Fue así como nos enamoramos. Luego de dos semanas sumergidas en baba y chupones en la tráquea, Vale me invitó a su cumpleaños. Evento que siempre me es difícil de sobrellevar en las relaciones tempranas. Eso de tener que hablar de pollo al spiedo con la madre, del torneo clausura con el hermano y del motor del Renault 12 con el padre, suele causarme ansiedad.

Dado esto, decidí invitar a German, (mi mejor amigo), a presenciar el mal trago y brindar luego, cuando los sillones hayan despejado la pista de baile y el Tiburón Valdés inaugurado el minicomponente.

Pero un genocida del amor desaparecería para siempre mi romance con Valeria. La ceremonia no podía concluir simplemente con un apriete en el pasillo y una porción de turrón alemán. La inquieta adolescente me jugó sucio. A cuatro metros del living, justo al lado del baño de servicio, se tranzó con un pibe que decía ser “relaciones públicas” y que obviamente, andaba en moto.

Yo, no me daría cuenta del hecho, sino hasta el lunes siguiente, cuando entrara a clases. Para el común denominador de los estudiantes secundarios, un chisme de este calibre era fundamento de conversación por meses. Solo pocos sucesos como la muerte trágica de un profesor querido, o el hijo prematuro de la abanderada podían opacarlo.

Fue así que el Narigón, quien años atrás había sido Gordo Cañón para hoy convertirse en Petizo, volvió a sufrir por amor. Y como agravante, tuvo a su extrovertida madre como interlocutora. A los pocos días ya era cotidiano encontrarme con sus amigas, Tercita, Adriana de la Mota o María Emma y que me dijeran frases hechas como “De grande te vas acordar y te vas a reír” o “Sos muy joven para enamorarte, tesoro”, como si uno pudiese decidir cuándo enamorarse.

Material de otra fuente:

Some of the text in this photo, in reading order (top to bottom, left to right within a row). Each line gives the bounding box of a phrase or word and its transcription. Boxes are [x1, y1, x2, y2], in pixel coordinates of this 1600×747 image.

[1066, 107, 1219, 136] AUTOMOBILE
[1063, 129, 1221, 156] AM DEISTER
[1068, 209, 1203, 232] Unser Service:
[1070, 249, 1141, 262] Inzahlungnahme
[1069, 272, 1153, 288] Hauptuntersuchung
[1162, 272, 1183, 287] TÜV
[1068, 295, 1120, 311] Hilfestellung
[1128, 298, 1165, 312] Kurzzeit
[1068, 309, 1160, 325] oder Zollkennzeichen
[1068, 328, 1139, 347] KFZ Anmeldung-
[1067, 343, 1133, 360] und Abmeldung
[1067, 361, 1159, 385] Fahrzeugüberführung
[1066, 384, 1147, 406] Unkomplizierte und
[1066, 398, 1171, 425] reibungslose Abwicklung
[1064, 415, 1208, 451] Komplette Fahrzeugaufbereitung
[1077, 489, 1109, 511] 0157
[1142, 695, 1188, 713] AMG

Fue entonces, que ese mismo lunes por la tarde decidí enfrentar el siempre tan incómodo momento de tener que ir a hablar con ella y pedirle una explicación. Luego de una dramática discusión en la puerta de Punta Calón, me convencí de perdonarla y le otorgué esa mentira ingenua que suele denominarse “oportunidad”. Me despedí indignado y tomé el 114-115, Sanidad Challao. Al llegar a casa, la pantalla verde del Nokia 1100 de mi madre, me recibió con un mensaje que decía:

“Perdón, estoy confundida. Necesito un tiempo”. Mi entonces licenciatura en infeliz preparó su diplomatura en idiota y juré falsamente no volver a enamorarme de ninguna Valeria más en mi vida.

Al año, volví a verla. Bailaba en Omero al compás de un séptimo regimiento dulce y a su lado estaba Germán. Mi amigo, mi compadre…

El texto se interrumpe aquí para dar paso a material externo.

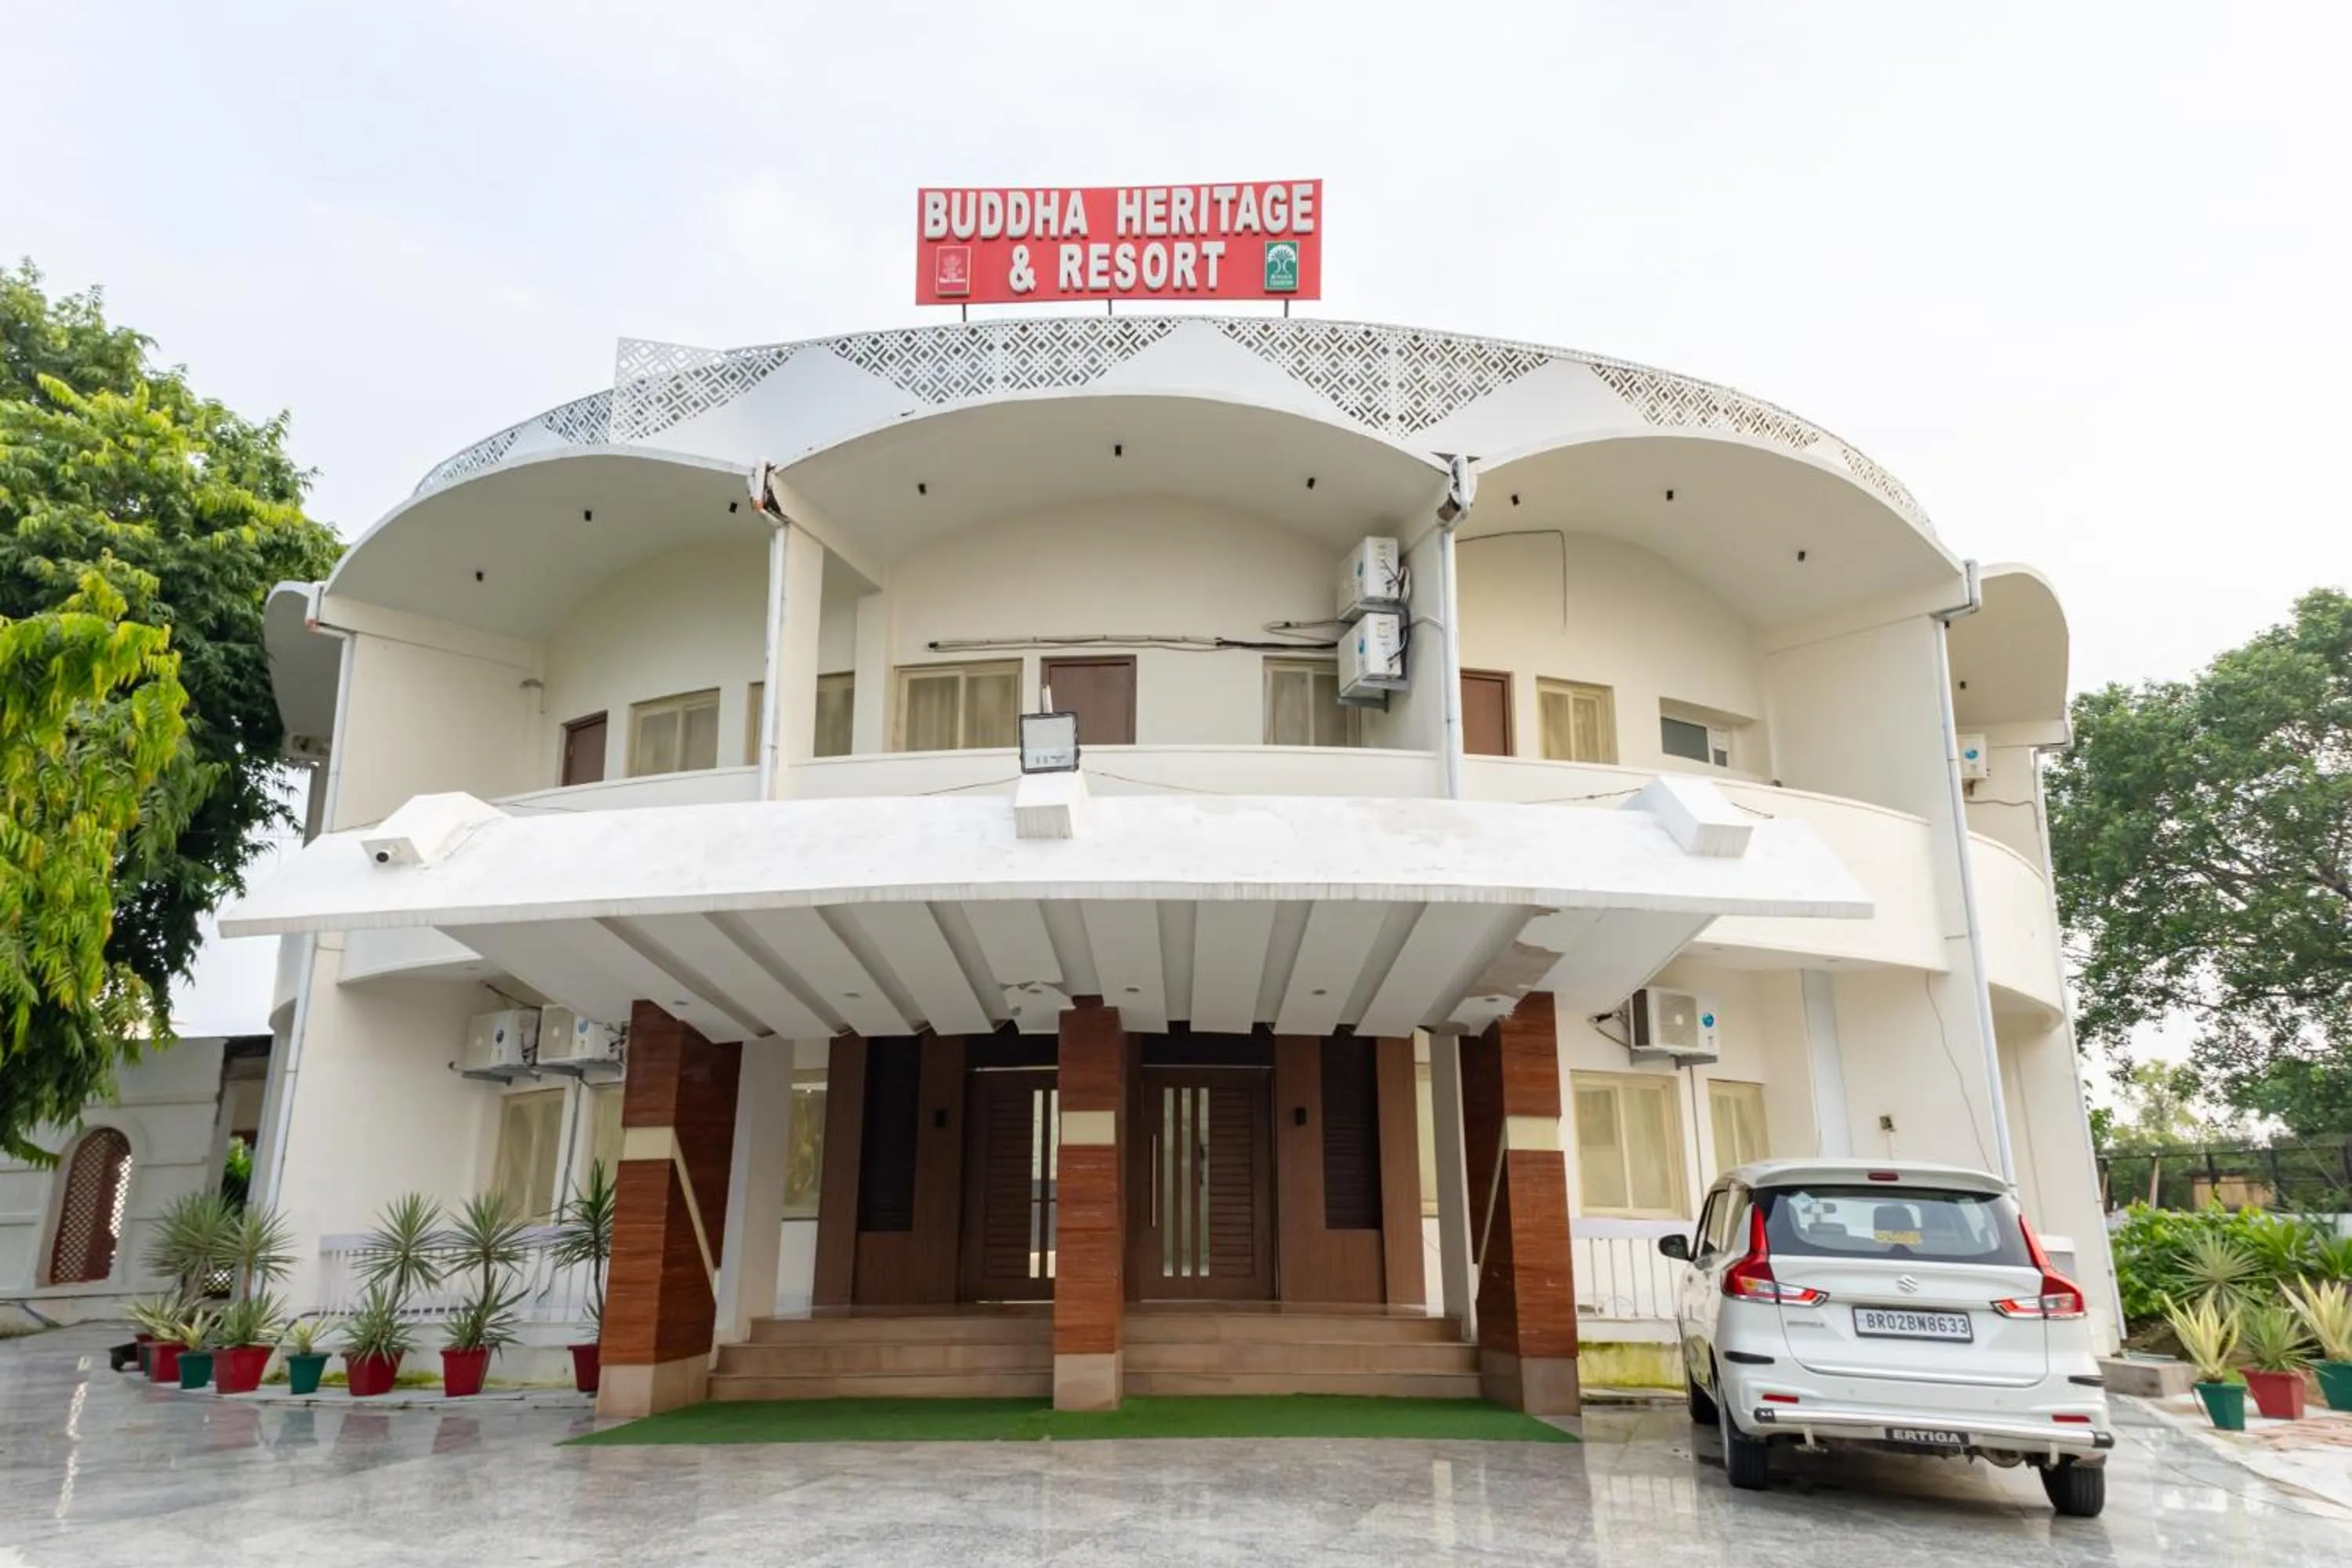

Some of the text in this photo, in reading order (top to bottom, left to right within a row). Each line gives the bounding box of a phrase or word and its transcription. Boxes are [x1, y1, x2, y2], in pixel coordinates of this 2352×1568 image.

– ¿Qué hacen ustedes? – pregunté…

Por lo que Ger susurró a mi oído – Estoy con ella para después dejarla por otra y hacer justicia por lo que te hizo a vos. Sos mi mejor amigo – Recuerdo patente, la mueca Duhaldista que dibujo su boca al confesarlo. Y recuerdo también, que puede entender que Valeria no era una ex novia confundida, sino un complejo sistema cuantitativo de libertinaje sexual sin cláusula.

Nunca más supe nada sobre ella. Pero a los años, ese mismo nombre, “Valeria”, volvería a penetrar mi sistema psíquico provocándome mis primeras 26 cápsulas de Duloxetina y 368 noches de insomnio. Pero ésa, es otra historia.